* [Material shown]:

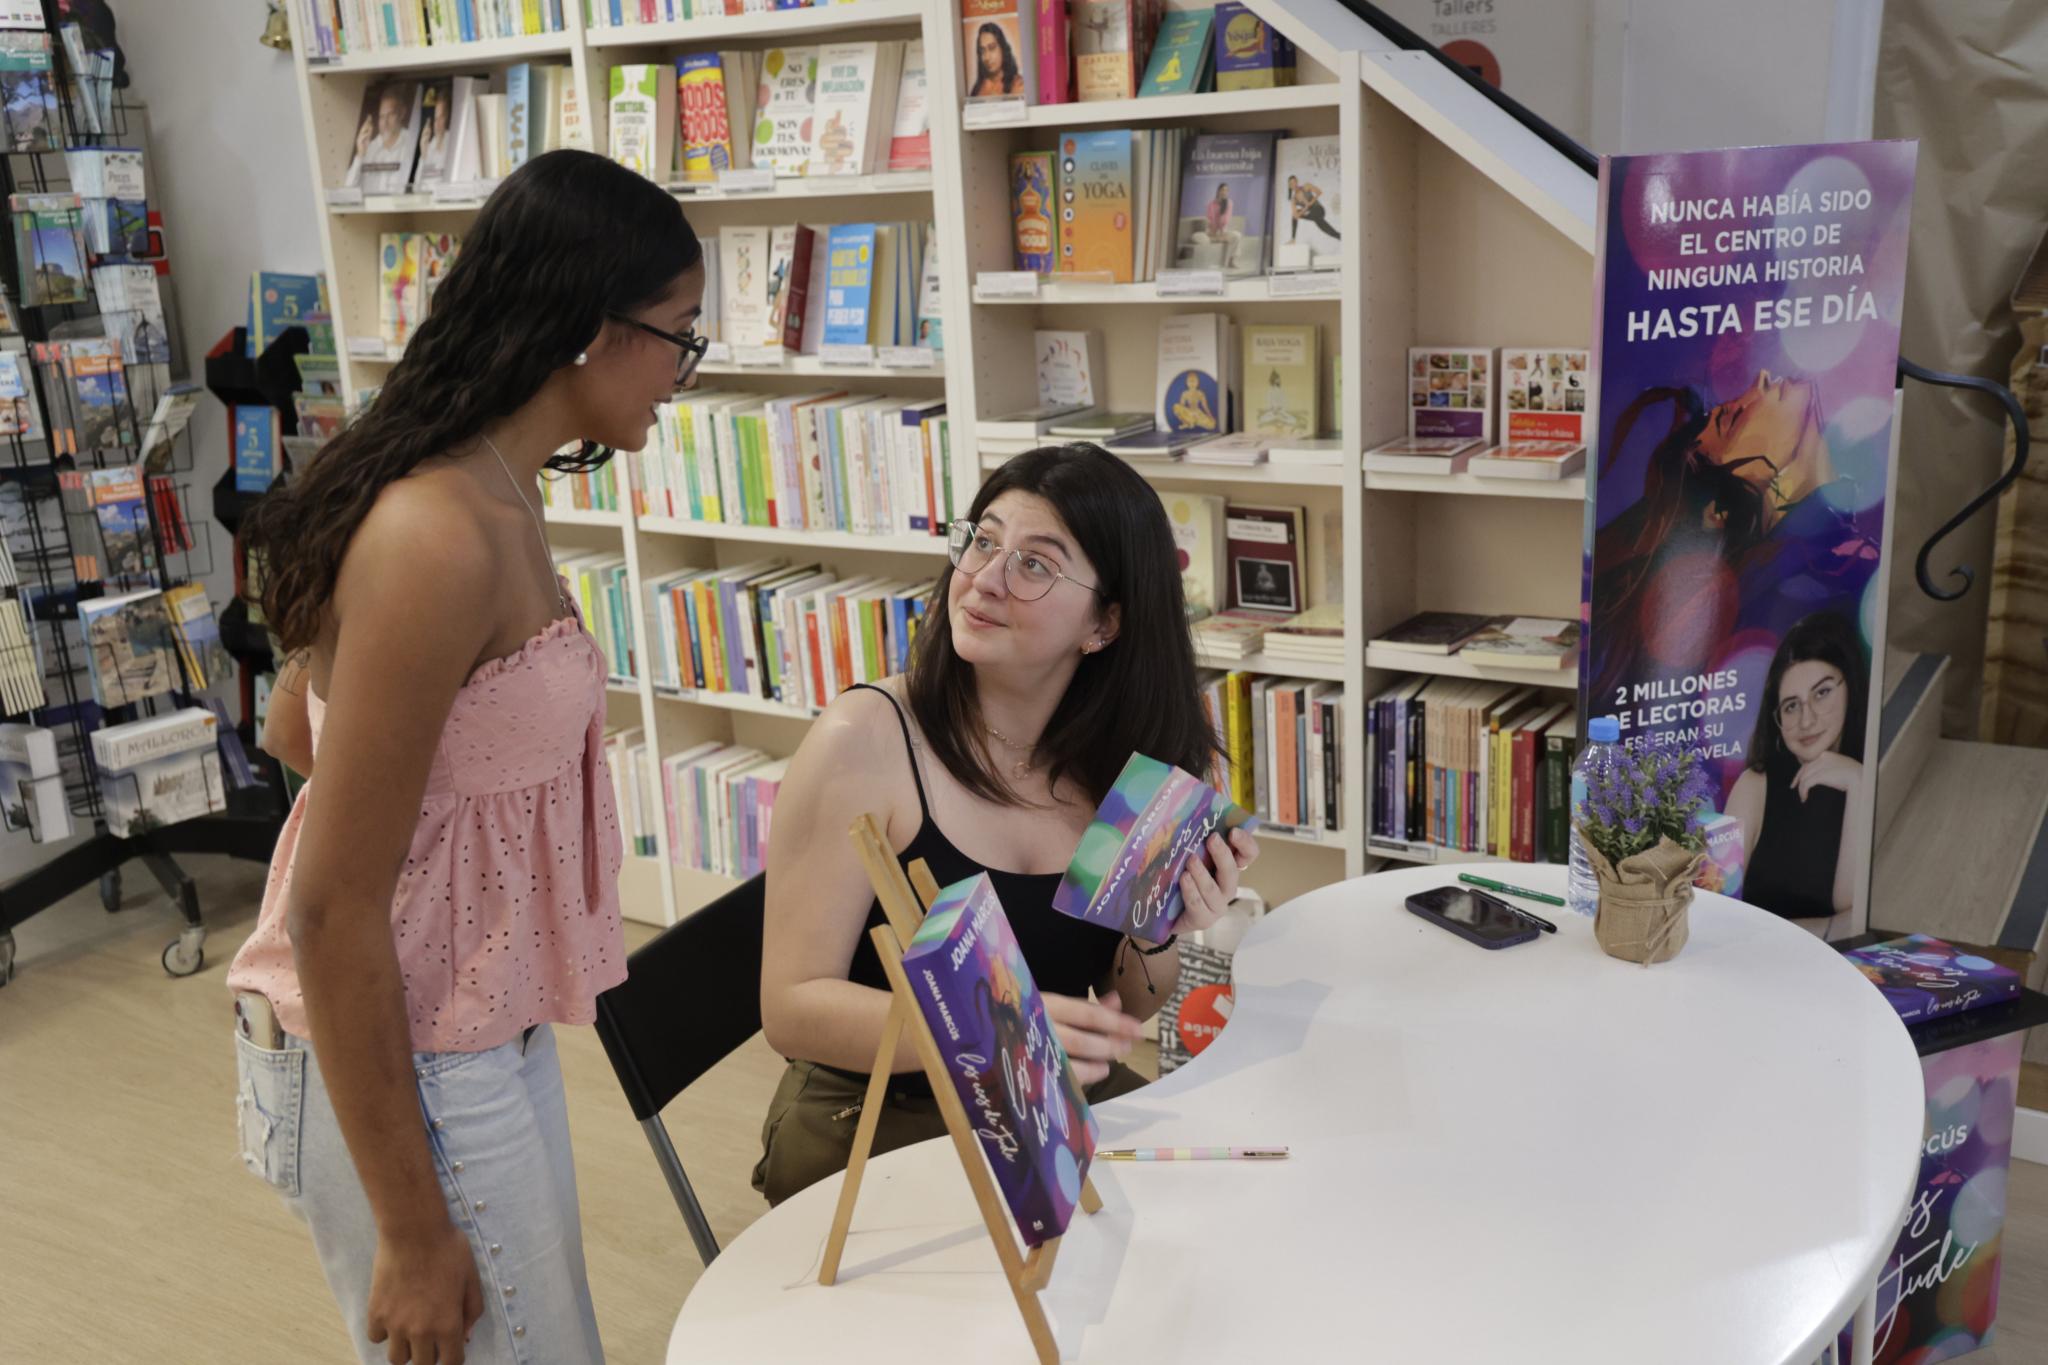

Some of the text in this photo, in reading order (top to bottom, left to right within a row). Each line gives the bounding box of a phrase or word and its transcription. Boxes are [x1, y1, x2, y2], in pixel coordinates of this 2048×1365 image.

[1433, 0, 1494, 17] Tallers
[1430, 19, 1496, 36] TALLERES
[1083, 182, 1127, 200] YOGA
[1650, 188, 1872, 224] NUNCA HABÍA SIDO
[1679, 224, 1842, 255] EL CENTRO DE
[1648, 254, 1864, 291] NINGUNA HISTORIA
[1627, 285, 1878, 342] HASTA ESE DÍA
[1615, 669, 1738, 705] 2 MILLONES
[1637, 692, 1747, 727] LECTORAS
[1624, 721, 1724, 749] ESERAN SU
[1096, 855, 1132, 915] JOANA
[1132, 876, 1161, 928] Los
[951, 927, 977, 972] JOANA
[922, 968, 960, 1041] JOANA MARCÚS
[955, 1053, 986, 1080] Los
[984, 1107, 1001, 1126] de
[1903, 1188, 1943, 1238] os
[1872, 1229, 1978, 1362] Jude
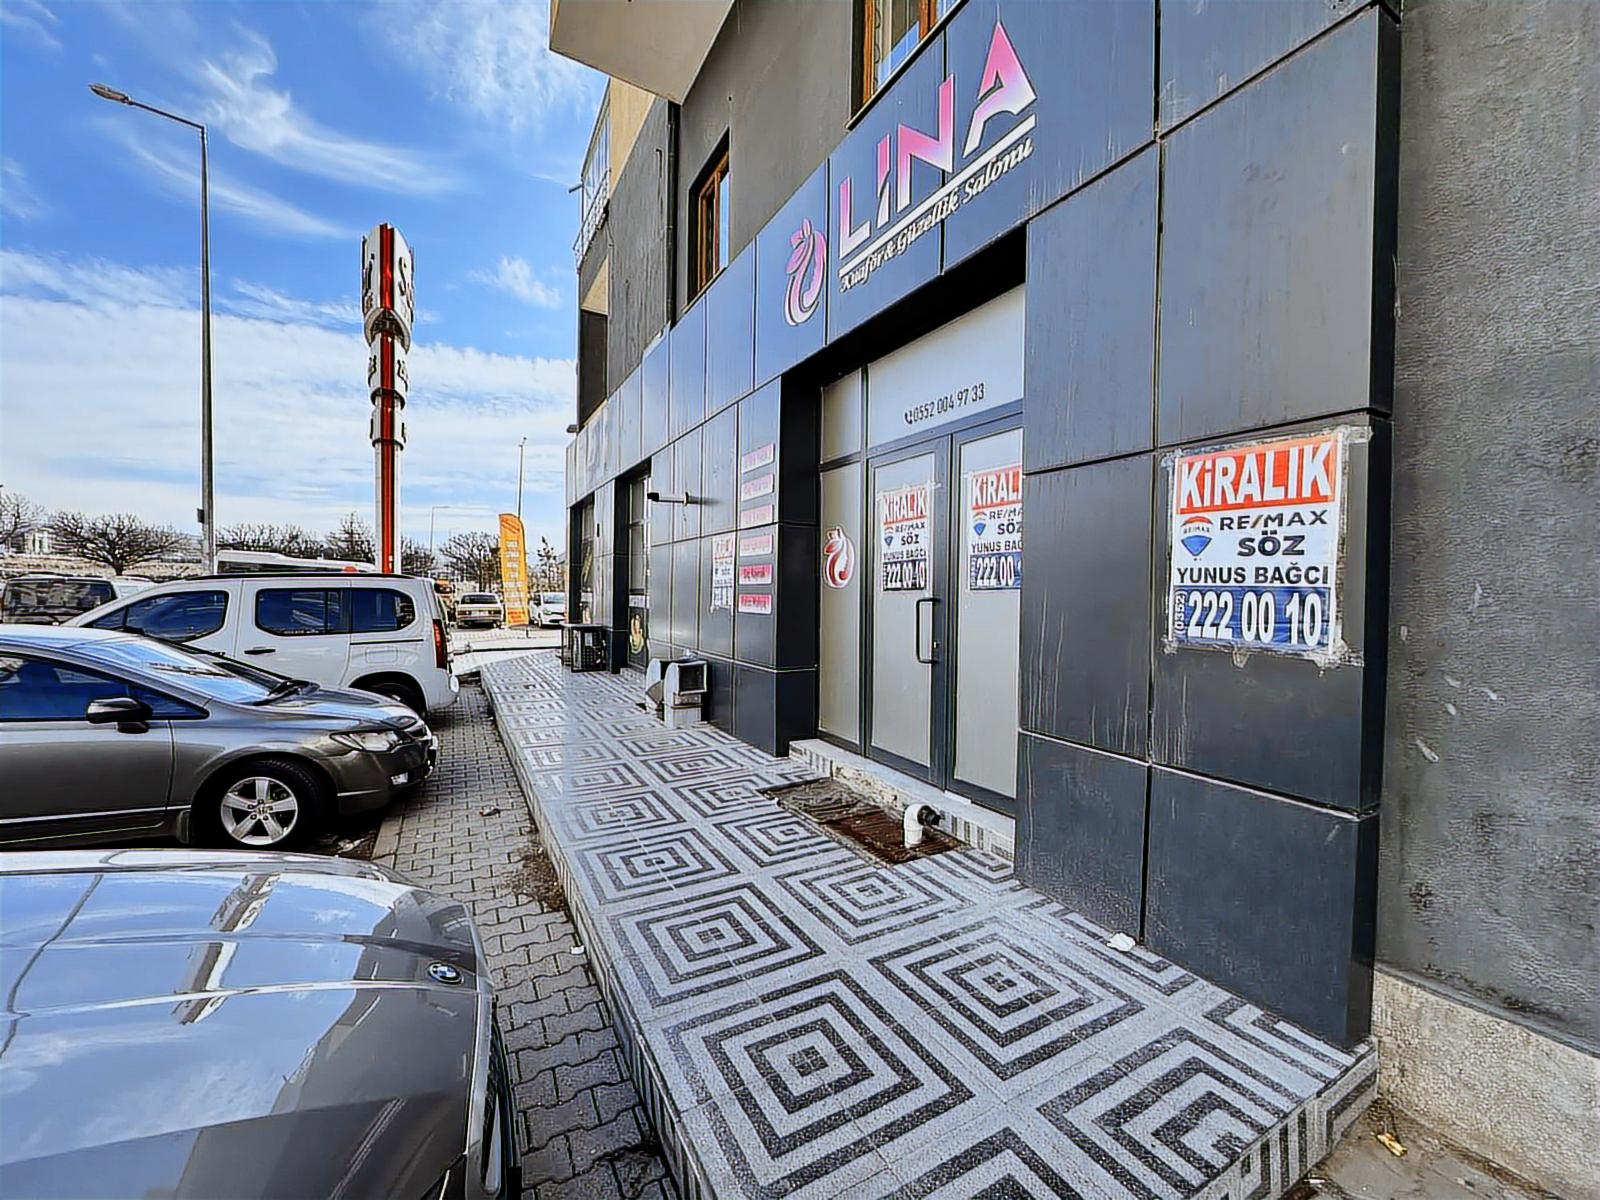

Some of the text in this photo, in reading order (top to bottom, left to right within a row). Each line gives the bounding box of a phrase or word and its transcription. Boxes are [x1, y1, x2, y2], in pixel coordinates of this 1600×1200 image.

[961, 137, 1034, 204] Salonu
[913, 382, 985, 423] 0552 004 97 33
[988, 507, 1024, 520] RE/MA
[1219, 509, 1329, 532] RE/MAX
[895, 521, 926, 534] RE/MAX
[900, 531, 920, 546] SÖZ
[971, 541, 1001, 554] YUNUS
[1237, 530, 1305, 557] SÖZ
[976, 556, 997, 586] 222
[999, 555, 1014, 587] 00
[1177, 562, 1329, 585] YUNUS BAĞCI
[1187, 589, 1234, 640] 222
[1241, 590, 1275, 644] 00
[1285, 592, 1322, 647] 10
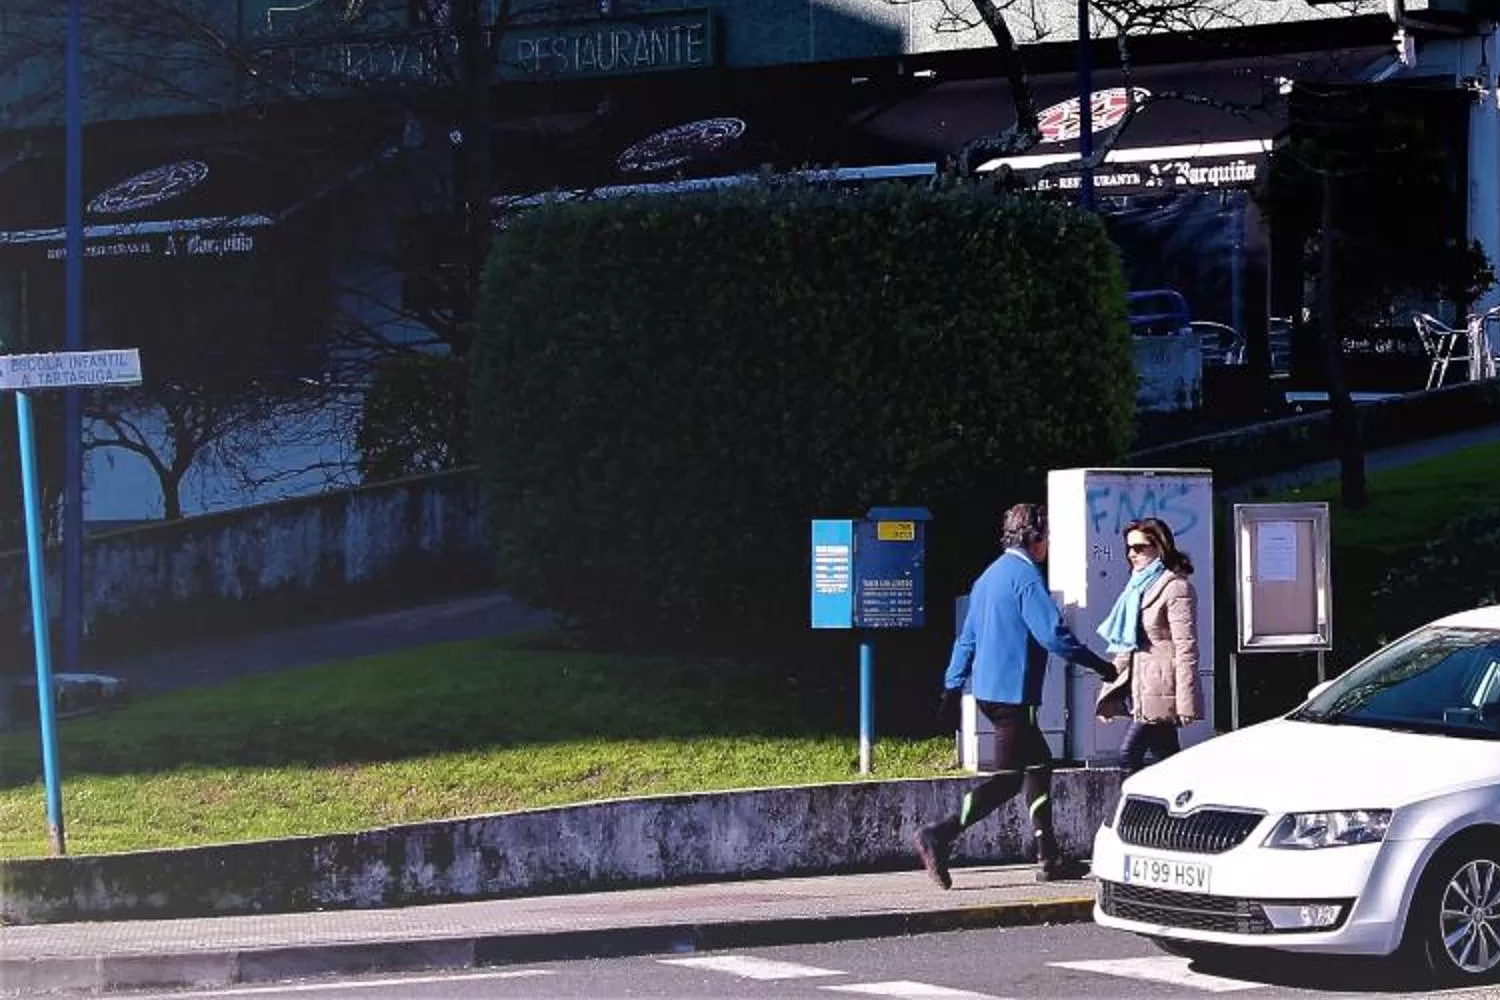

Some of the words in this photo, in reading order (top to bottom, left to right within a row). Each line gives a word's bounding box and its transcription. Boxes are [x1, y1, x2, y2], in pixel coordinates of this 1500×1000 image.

[66, 353, 129, 368] INFANTIL
[1133, 859, 1170, 883] 4199
[1175, 864, 1205, 888] HSV
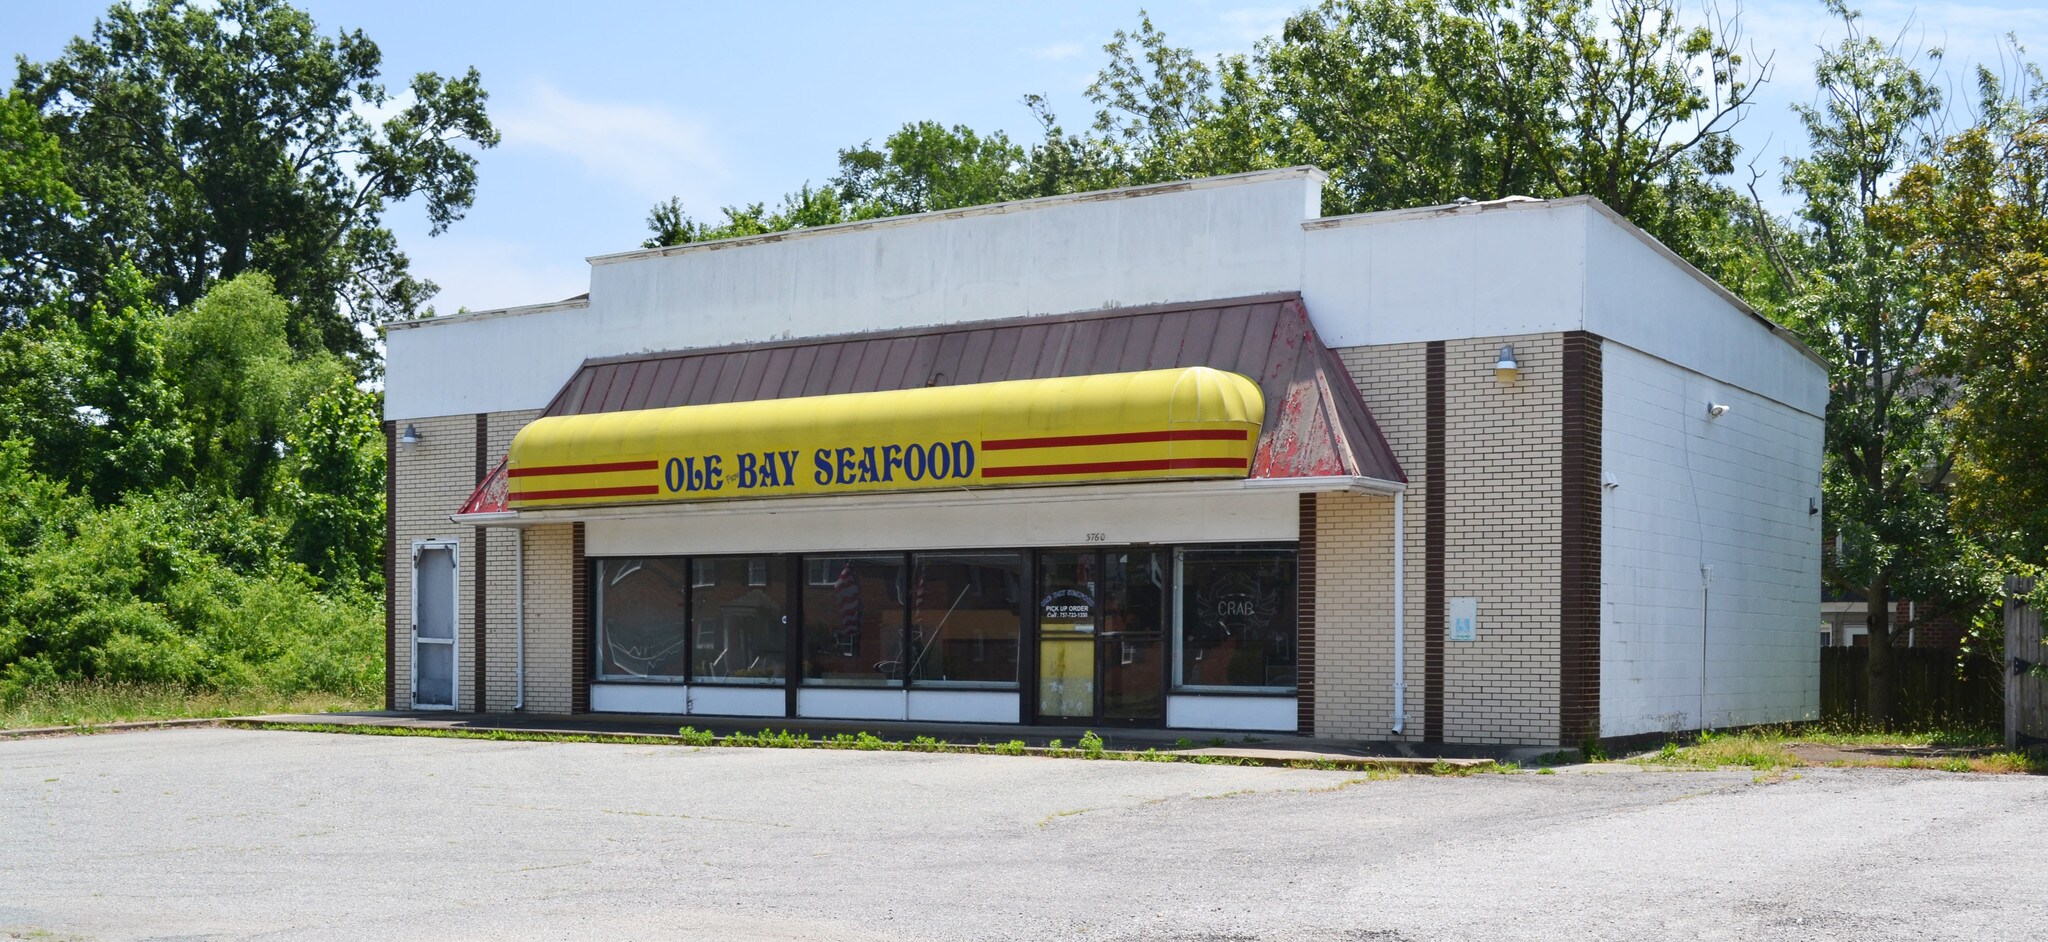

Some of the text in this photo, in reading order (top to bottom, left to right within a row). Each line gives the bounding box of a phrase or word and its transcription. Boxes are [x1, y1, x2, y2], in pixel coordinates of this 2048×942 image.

[665, 440, 975, 492] OLE BAY SEAFOOD
[1218, 601, 1254, 615] CRAB

* [What the task requires]: Would you give again exactly the lines from the line containing "Some of the words" through the end of the listing, both ends included, without any pictures?

* [Solution to the problem]:
Some of the words in this photo, in reading order (top to bottom, left to right within a row). Each line gives a word's bounding box and its transcription. Boxes are [x1, y1, x2, y2], in pixel coordinates of this 1500×1000 image.

[66, 353, 129, 368] INFANTIL
[1133, 859, 1170, 883] 4199
[1175, 864, 1205, 888] HSV

Some of the text in this photo, in reading order (top to bottom, left to right within a row). Each line gives the bounding box of a phrase or word and its transcription. Boxes are [x1, y1, x2, y2], in pixel coordinates of this 2048×942 image.

[665, 440, 975, 492] OLE BAY SEAFOOD
[1218, 601, 1254, 615] CRAB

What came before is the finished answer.